> [The task]: Would you please restate every record exactly as written?

[Records from a data collection]

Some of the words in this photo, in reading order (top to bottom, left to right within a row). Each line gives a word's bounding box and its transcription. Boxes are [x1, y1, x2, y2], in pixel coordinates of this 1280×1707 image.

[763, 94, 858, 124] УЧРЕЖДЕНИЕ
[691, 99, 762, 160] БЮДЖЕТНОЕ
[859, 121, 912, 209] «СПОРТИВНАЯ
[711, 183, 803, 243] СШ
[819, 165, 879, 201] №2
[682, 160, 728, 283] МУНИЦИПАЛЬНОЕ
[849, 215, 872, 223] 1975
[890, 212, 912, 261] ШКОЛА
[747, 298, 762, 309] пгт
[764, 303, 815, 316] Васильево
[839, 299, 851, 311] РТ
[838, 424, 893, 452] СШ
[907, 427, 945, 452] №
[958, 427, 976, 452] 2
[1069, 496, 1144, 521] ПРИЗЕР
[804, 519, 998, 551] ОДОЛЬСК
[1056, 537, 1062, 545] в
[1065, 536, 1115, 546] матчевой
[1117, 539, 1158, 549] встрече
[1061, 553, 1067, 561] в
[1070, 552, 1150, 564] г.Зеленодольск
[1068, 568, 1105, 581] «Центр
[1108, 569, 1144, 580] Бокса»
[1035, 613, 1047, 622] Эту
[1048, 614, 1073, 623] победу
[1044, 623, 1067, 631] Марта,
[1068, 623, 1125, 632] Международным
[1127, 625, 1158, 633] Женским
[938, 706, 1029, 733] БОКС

> [Completed exercise]:
Some of the words in this photo, in reading order (top to bottom, left to right within a row). Each line gives a word's bounding box and its transcription. Boxes are [x1, y1, x2, y2], in pixel coordinates of this 1280×1707 image.

[763, 94, 858, 124] УЧРЕЖДЕНИЕ
[691, 99, 762, 160] БЮДЖЕТНОЕ
[859, 121, 912, 209] «СПОРТИВНАЯ
[711, 183, 803, 243] СШ
[819, 165, 879, 201] №2
[682, 160, 728, 283] МУНИЦИПАЛЬНОЕ
[849, 215, 872, 223] 1975
[890, 212, 912, 261] ШКОЛА
[747, 298, 762, 309] пгт
[764, 303, 815, 316] Васильево
[839, 299, 851, 311] РТ
[838, 424, 893, 452] СШ
[907, 427, 945, 452] №
[958, 427, 976, 452] 2
[1069, 496, 1144, 521] ПРИЗЕР
[804, 519, 998, 551] ОДОЛЬСК
[1056, 537, 1062, 545] в
[1065, 536, 1115, 546] матчевой
[1117, 539, 1158, 549] встрече
[1061, 553, 1067, 561] в
[1070, 552, 1150, 564] г.Зеленодольск
[1068, 568, 1105, 581] «Центр
[1108, 569, 1144, 580] Бокса»
[1035, 613, 1047, 622] Эту
[1048, 614, 1073, 623] победу
[1044, 623, 1067, 631] Марта,
[1068, 623, 1125, 632] Международным
[1127, 625, 1158, 633] Женским
[938, 706, 1029, 733] БОКС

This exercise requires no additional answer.